I just had a huge moment, because we just read our first "child assessment" forms. To be frank, I was in a down cycle again - not sure we're doing the right thing, overwhelmed by the process. Then somewhat out of the blue, our agency sent us these "assessment" forms for some kids we had expressed an initial (and reserved) interest in meeting.

And, whaaaaaaaaaaaah, I'm up again, up so high I'm ready to jump in my car and drive across the county and pick this one kid up RIGHT NOW. Which is totally insane, and I definitely need to calm down. Yeah. I'm not using any names and I don't think it's a violation of privacy to explain in brief that this kid, who is extremely solemn and shy in person, has been in 13 foster homes in 15 years. He wants to go to college and he really really wants to be adopted. And his report says he sometimes struggles with feeling angry, although he has no significant record of misbehavior - a day of skipping school here, a little school fight there.

I understand angry and I feel fine about working with it. I believe anger, within reasonable parameters, is the wind that blows things around so they don't settle into a depression-inducing infection. So that's not freaking me out one little bit. If I'd moved foster homes almost every year of my life, I'd be way past mad. And despite all of the above, this kid (whom I've met and found to be solemn and interesting and self-possessed) gets pretty good grades, excels at sports, and wants to go to UCLA. I hung out with him and he was incredibly mature, even somewhat elderly for his age. Extremely withdrawn - but so obviously in there, you could almost see him thinking.

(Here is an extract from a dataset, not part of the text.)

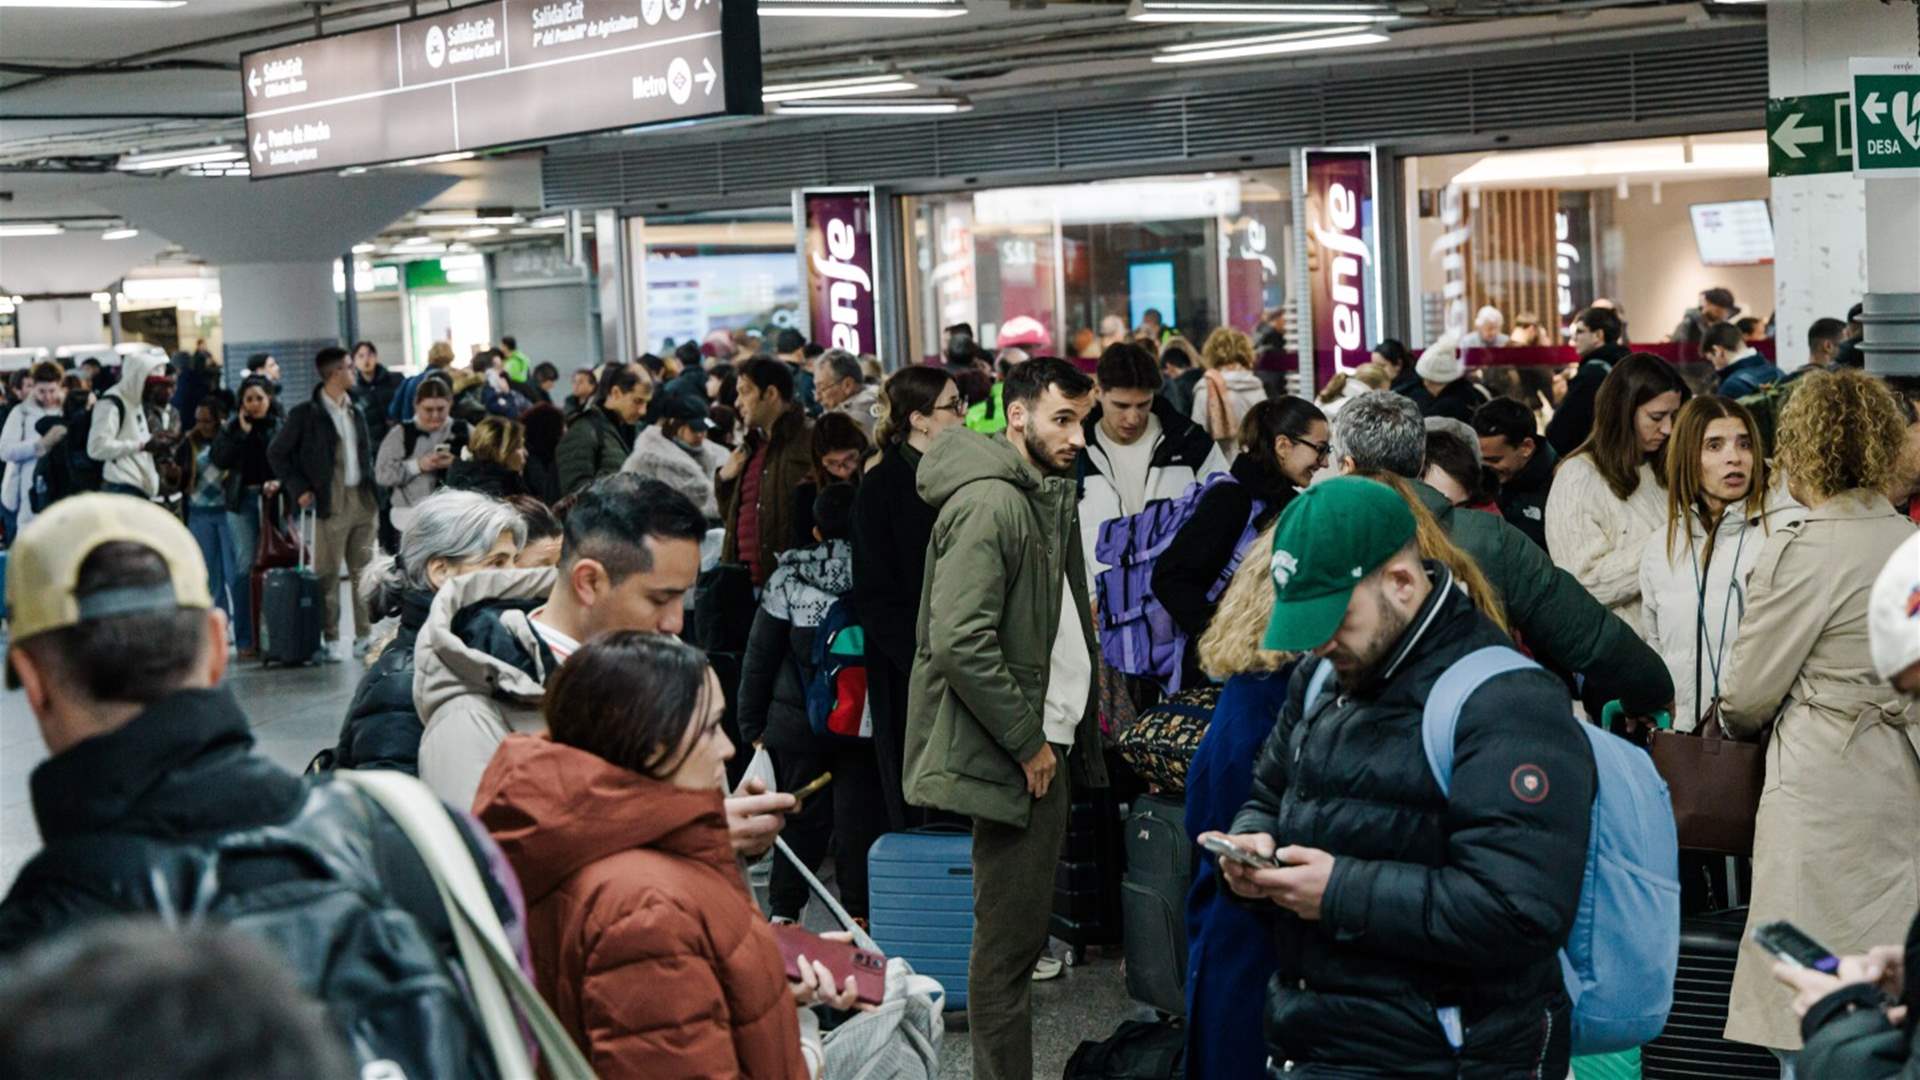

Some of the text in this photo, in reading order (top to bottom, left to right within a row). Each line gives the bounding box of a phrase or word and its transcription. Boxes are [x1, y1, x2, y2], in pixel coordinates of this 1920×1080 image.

[632, 75, 667, 100] Metro
[1867, 139, 1902, 155] DESA
[812, 217, 871, 358] enfe

But what's got me itching to bypass all the process and just adopt him right now is that the report says that he is feeling frustrated because he's ready to be adopted and wonders when there might be a match for him and whether anyone will want him. He's waiting, and that kills me. It really really kills me. It sets off this crazy instinctive thing that I don't even understand, like I want to benchpress buildings or something.

I don't think I've ever felt as emotional about anything as I do about this - I don't think I even thought I was capable of so many feelings. And that probably makes me vulnerable and sets me up for a total rollercoaster. But I just can't help it or stop it.

So here's the immediate problem: we've got a date to take another kid in the program to two events this week. And that kid's assessment form reveals a personality which, though charming in many ways, is not the right fit for us. (We weren't offered the assessment form until after we made the commitment.) I don't know what to do, except I know I'll absolutely make good on our commitment to take this other kid to the events. But my fingers are itching to call the agency right now and tell them we don't just want to host the first kid on weekends - we want to offer him a permanent home. Before school starts this fall. I don't even think that's possible. I can hardly wait until Saturday to see what happens.